Sure. Maybe, you talked to the size of equity raise of between NZD 0 and NZD 1 billion. I think from the memory, that's the same size you talked to in June. Today you're highlighting more CapEx, NZD 500 million for the next five years. What's changed?

Phil Neutze
Chief Financial Officer, Auckland International Airport

Nothing. We were well, well aware of that additional CapEx that we'll be disclosing as part of this pricing disclosure.

Amit Wadia
Analyst, Jefferies

Right. This doesn't have any impact on your A- credit rating, because obviously your total returns are lower than 7 of 7.79%. You're saying you're, you were aware of your total returns back then?

Phil Neutze
Chief Financial Officer, Auckland International Airport

Yes.

Amit Wadia
Analyst, Jefferies

Okay.

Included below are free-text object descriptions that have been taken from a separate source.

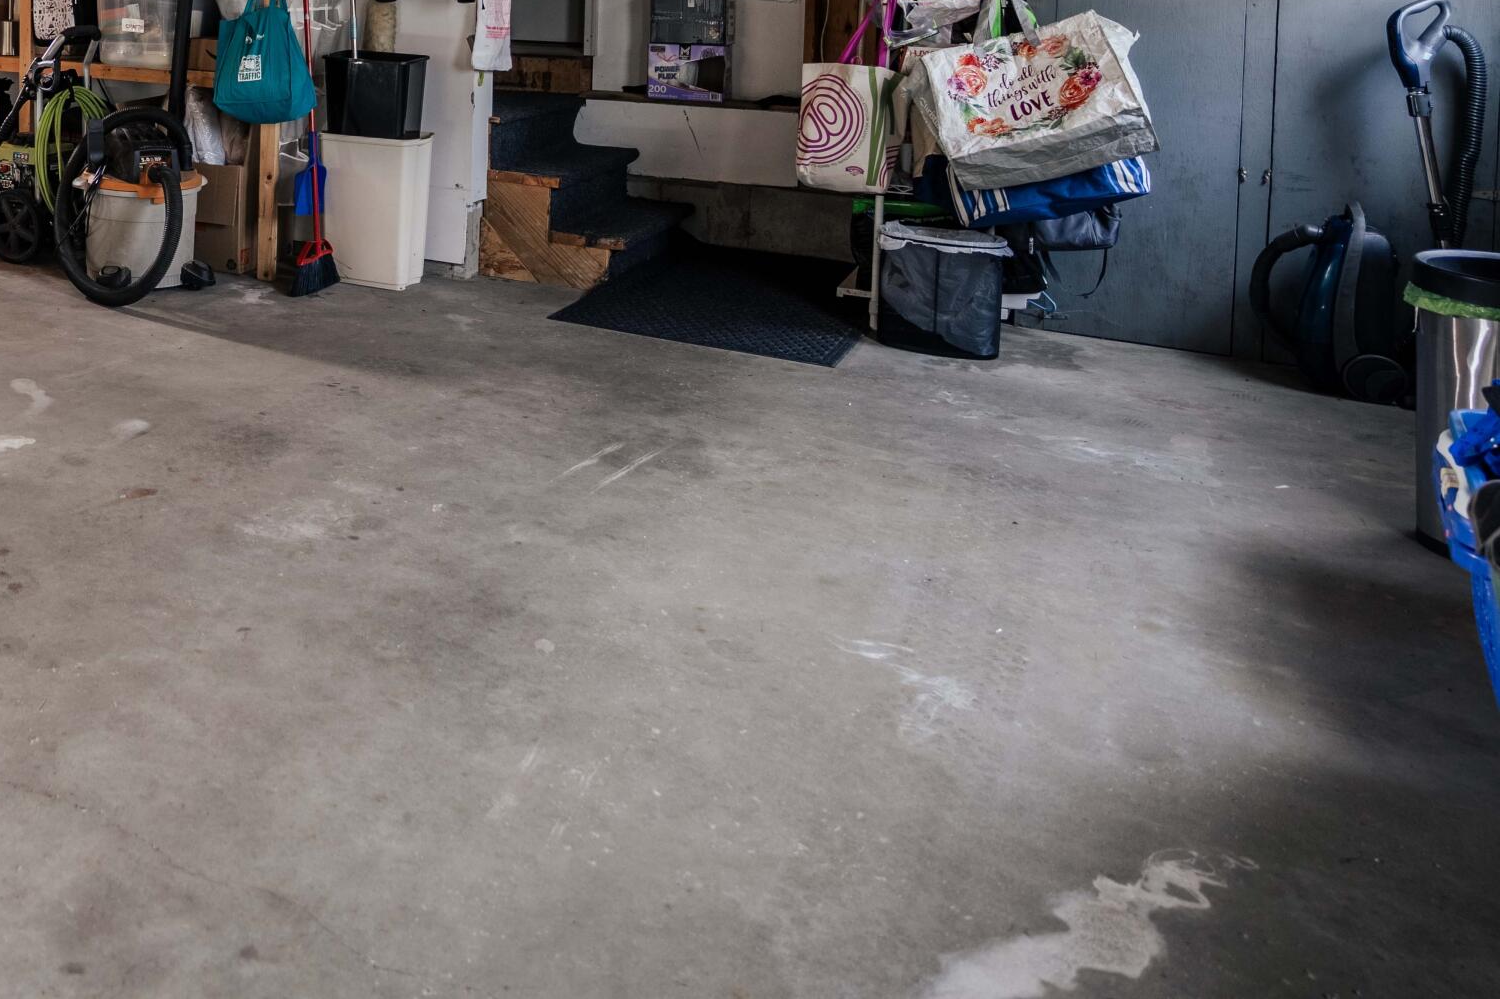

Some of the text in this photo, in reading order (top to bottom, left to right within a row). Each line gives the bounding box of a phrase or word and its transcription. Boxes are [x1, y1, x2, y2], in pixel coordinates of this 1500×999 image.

[239, 72, 261, 81] TRAFFIC
[987, 64, 1057, 107] things with
[648, 85, 667, 94] 200
[1010, 89, 1055, 121] LOVE
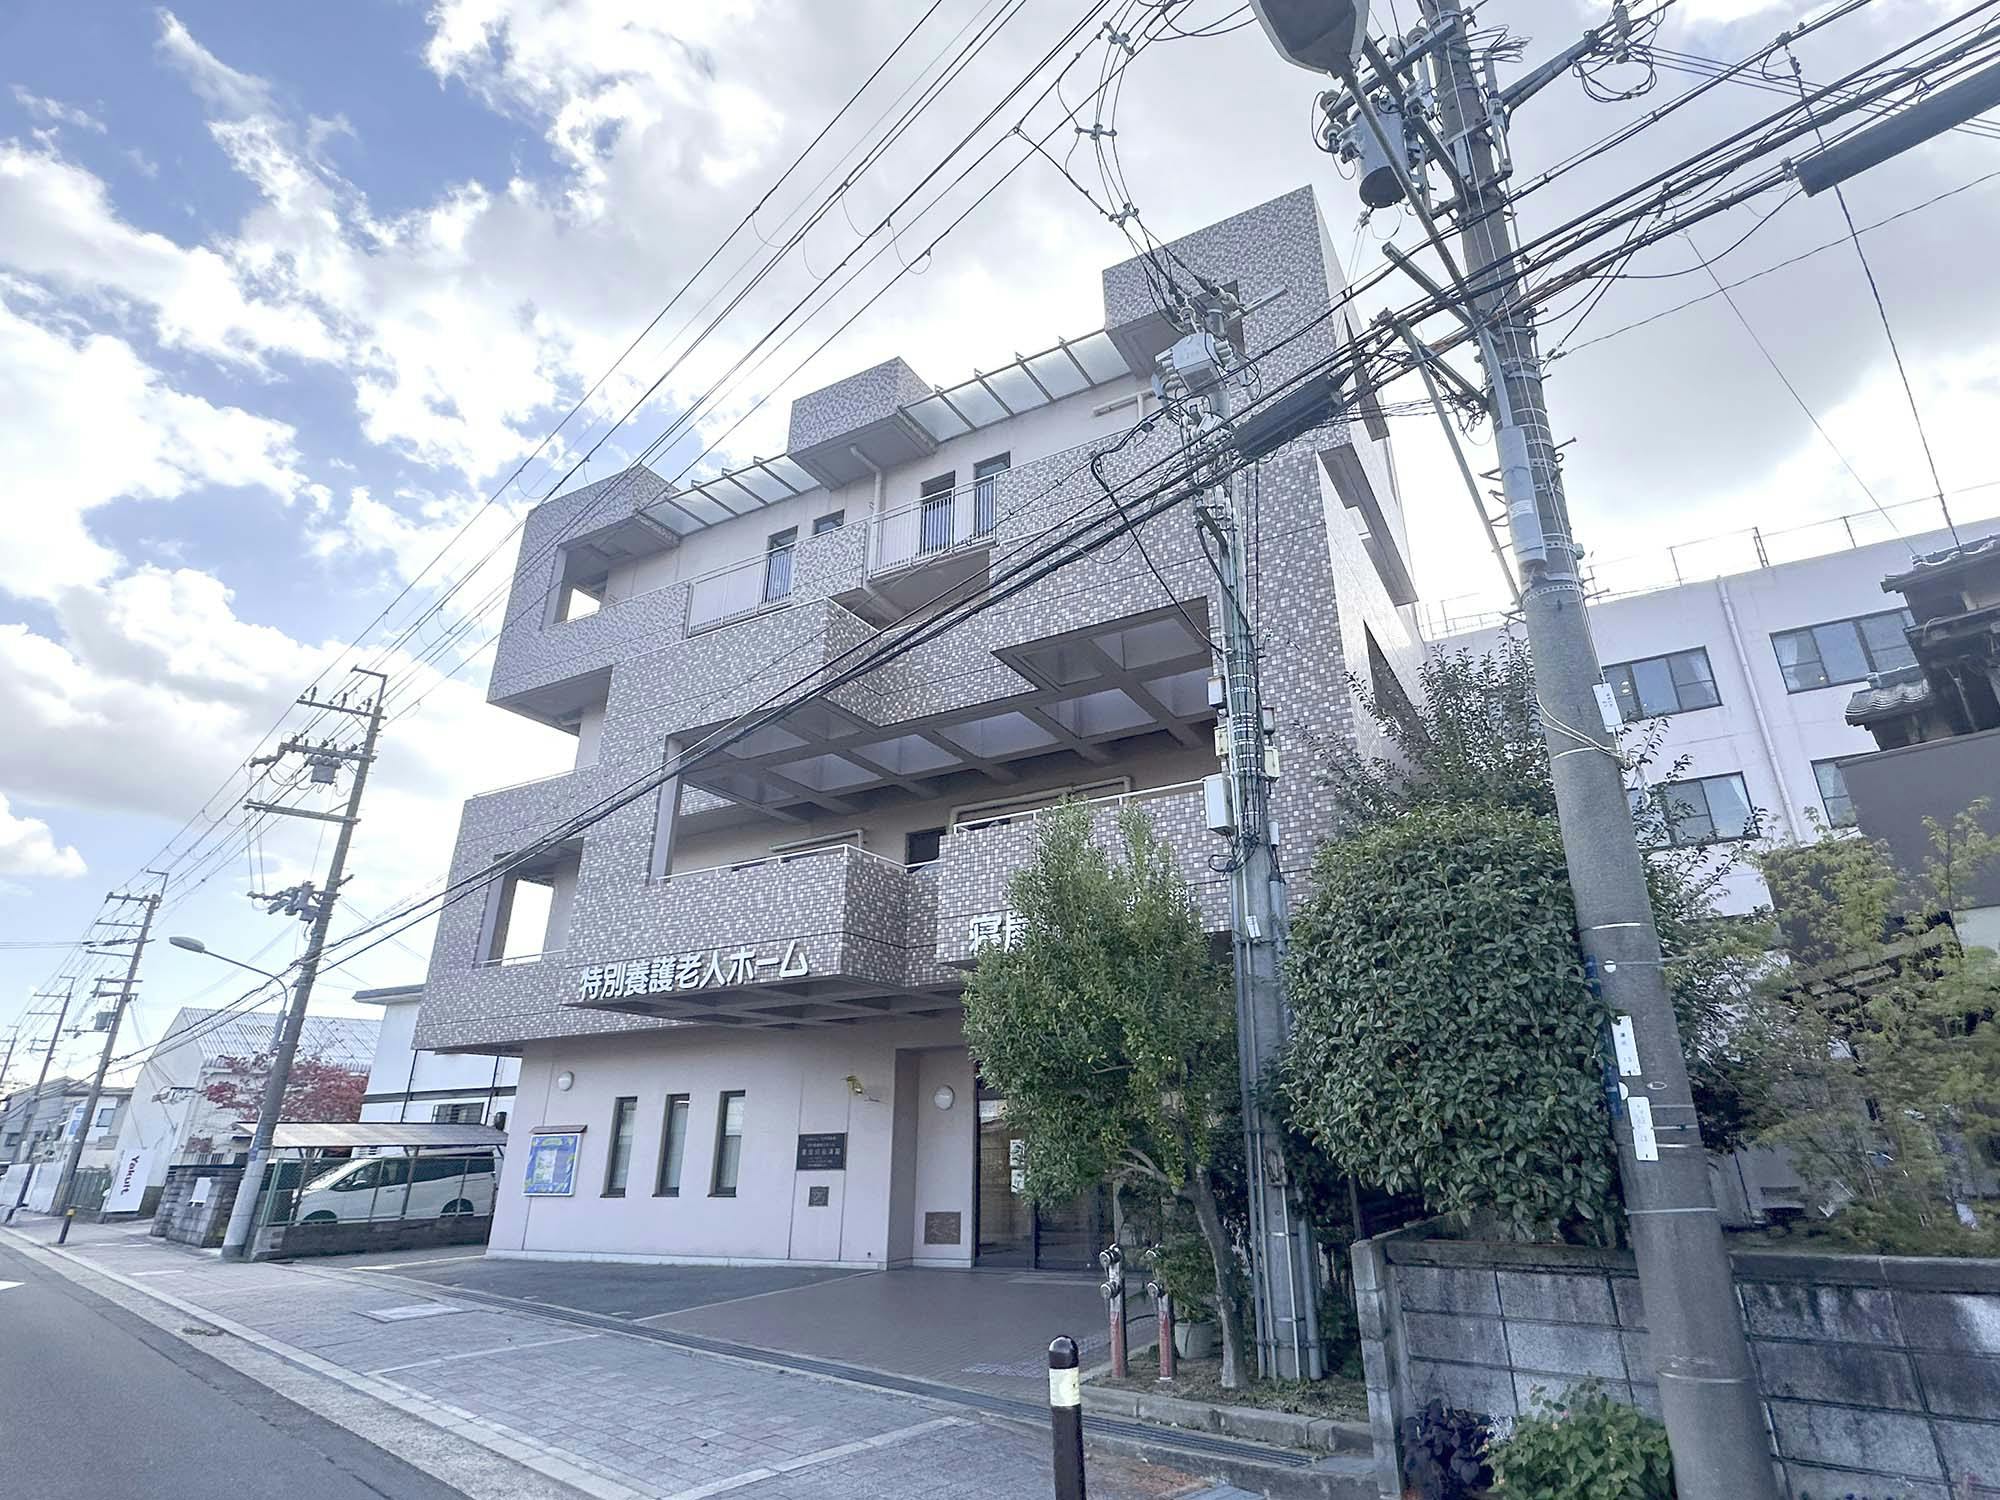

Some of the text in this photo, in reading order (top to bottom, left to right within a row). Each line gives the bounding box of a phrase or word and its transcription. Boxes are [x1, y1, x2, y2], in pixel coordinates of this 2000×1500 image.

[579, 939, 809, 1000] 特別養護老人ホーム
[120, 1155, 140, 1196] Yakult

All right, that's all I had. Thank you.

Operator

Thank you. I will now hand back for closing remarks.

Carrie Hurihanganui
Chief Executive, Auckland International Airport

Kia ora. Thanks, everyone. Really appreciate you joining us on the call today. As, as I'm sure is very clear and evident in today's presentation, we're certainly focused on building the competitive hub that we need going forward for New Zealand, and in short, we're getting on with it. Certainly welcome any further questions you have offline between Phil and Stewart and the team. Please do reach out if, if you have any subsequent questions, but appreciate you taking the time this morning, and best of luck.